1) Figure out who owns what.

Division of ownership is extremely important in a family business. Analysts estimate that 40.3% of current family business owners are going to retire by 2017. Most family businesses are a bit on the loose side when it comes to ownership — everyone pitches in and that’s that. But when you incorporate, you have to decide how many shares each member of the family will receive. Each shareholder will be an owner and have a say in how the business will be run. If some family members are more involved with the business than others, you’ll probably want to give them a bigger share of your company. And, when you’re getting ready to retire, you will still need to figure out who will receive your shares and get majority ownership of the business.

2) Write your bylaws.

Bylaws are extremely useful for solving the kinds of disputes that often plague family businesses. Bylaws are essentially the rules for running the corporation. They cover basic governance rules like how the board of directors is structured, how new directors are chosen, and how shareholders communicate with those running the company day-to-day. As a family business, you’ll also have to include provisions for calling special meetings to resolve any issues that may arise. Your bylaws should also include rules regulating the selling of shares. There may come a time when someone in the business wants to leave, so you’ll have to decide what to do with their shares, and ensure they aren’t able to sell them to an outside party without unanimous consent.

3) File your paperwork!

In order to incorporate your business, you’ll need to file your Articles of Incorporation with the state. These articles are usually straightforward and require you to supply basic information like the names and addresses of the corporation itself, its registered agent, and the interim board of directors. These articles will also need to disclose how many shares the company will be authorized to issue. After they are filed, and a fee is paid, the state will look them over. If everything is filled out correctly, the corporation will be formed. You then have to call an initial meeting of the interim board of directors to adopt your bylaws and hold the first shareholder meeting, wherein the actual board of directors will be voted on.
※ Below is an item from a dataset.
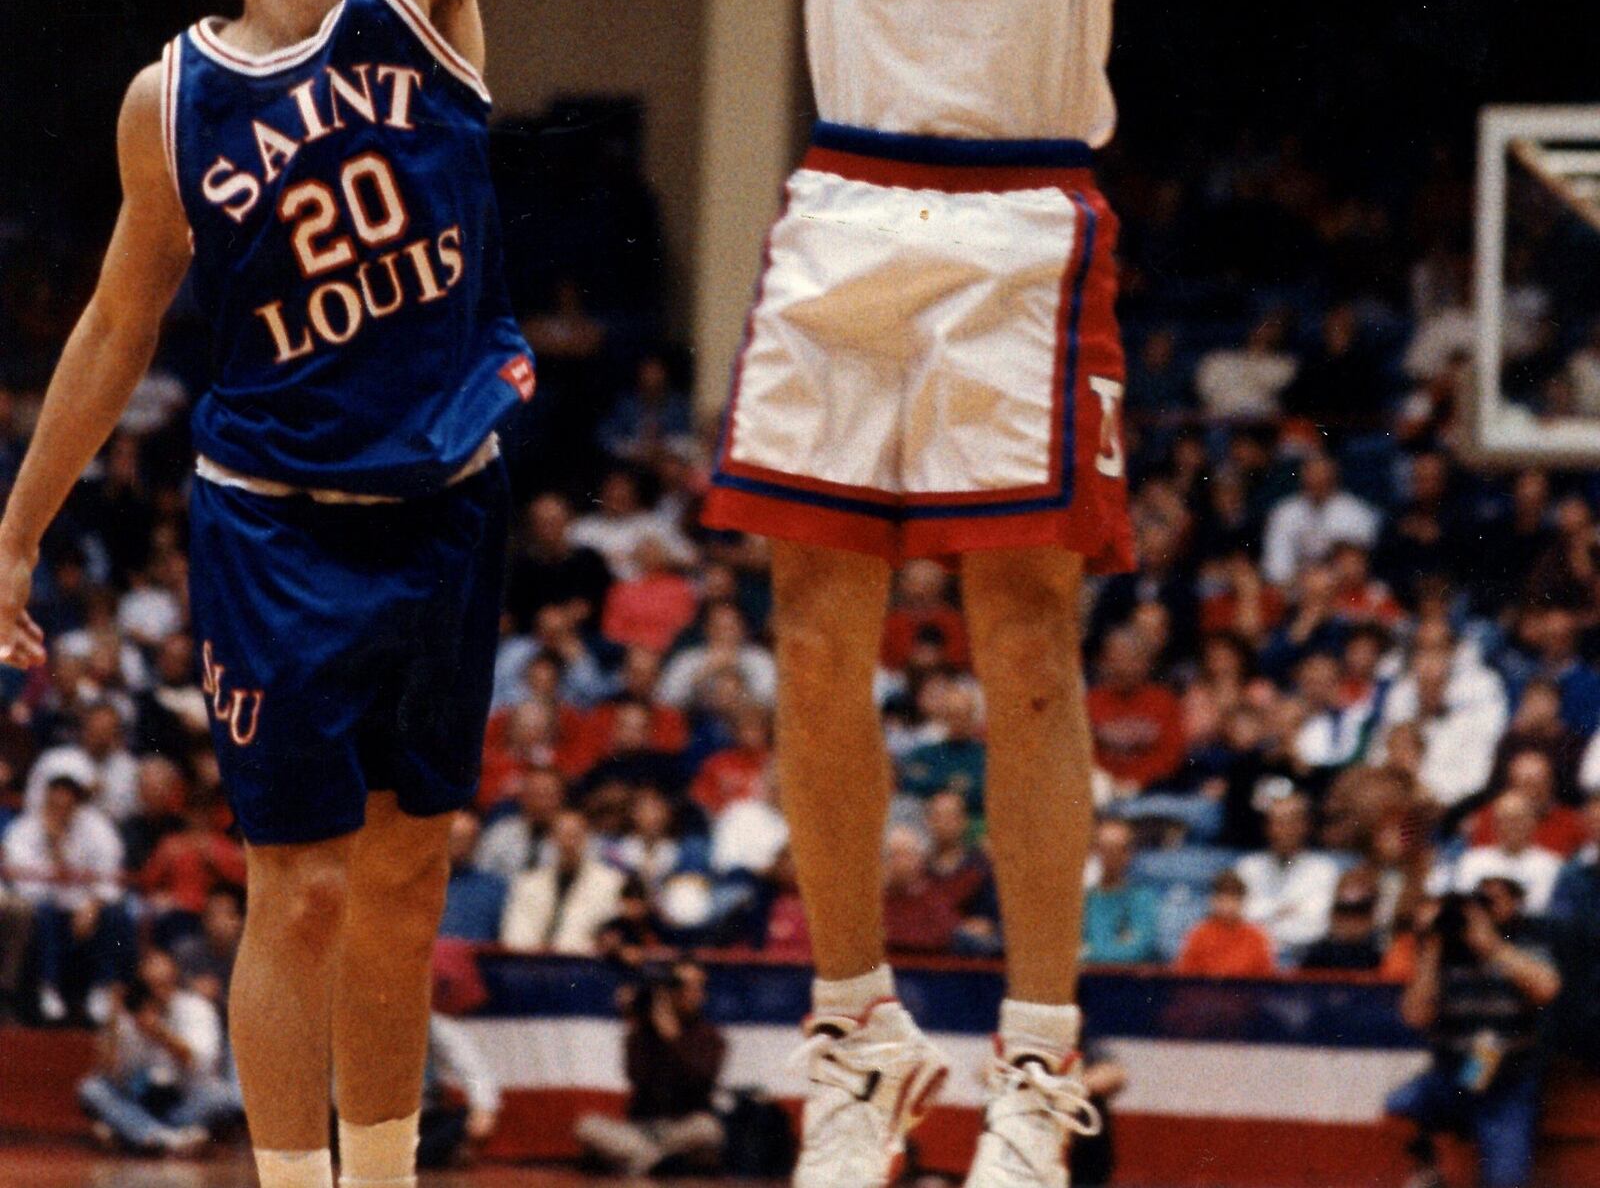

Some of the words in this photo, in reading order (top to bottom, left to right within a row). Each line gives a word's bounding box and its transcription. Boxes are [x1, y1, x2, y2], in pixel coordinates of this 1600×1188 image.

[202, 63, 423, 224] SAINT
[277, 150, 409, 279] 20
[255, 224, 465, 364] LOUIS
The corporate structure is a great fit for a family business as it offers both limited liability to the owners and allows for some liquidity if someone integral to the company decides to leave. But resolving arguments and disputes is a lot trickier, so it’s important you have procedures in place to keep the business running while problems are worked out. And don’t forget to think about whom you want to run the corporation when you retire, especially if you hope to keep it all in the family.

About the Author:

Deborah Sweeney is the CEO of MyCorporation.com. MyCorporation is a leader in online legal filing services for entrepreneurs and businesses, providing start-up bundles that include corporation and LLC formation, registered agent, DBA, and trademark & copyright filing services. MyCorporation does all the work, making the business formation and maintenance quick and painless, so business owners can focus on what they do best. Follow her on Google+ and on Twitter @mycorporation.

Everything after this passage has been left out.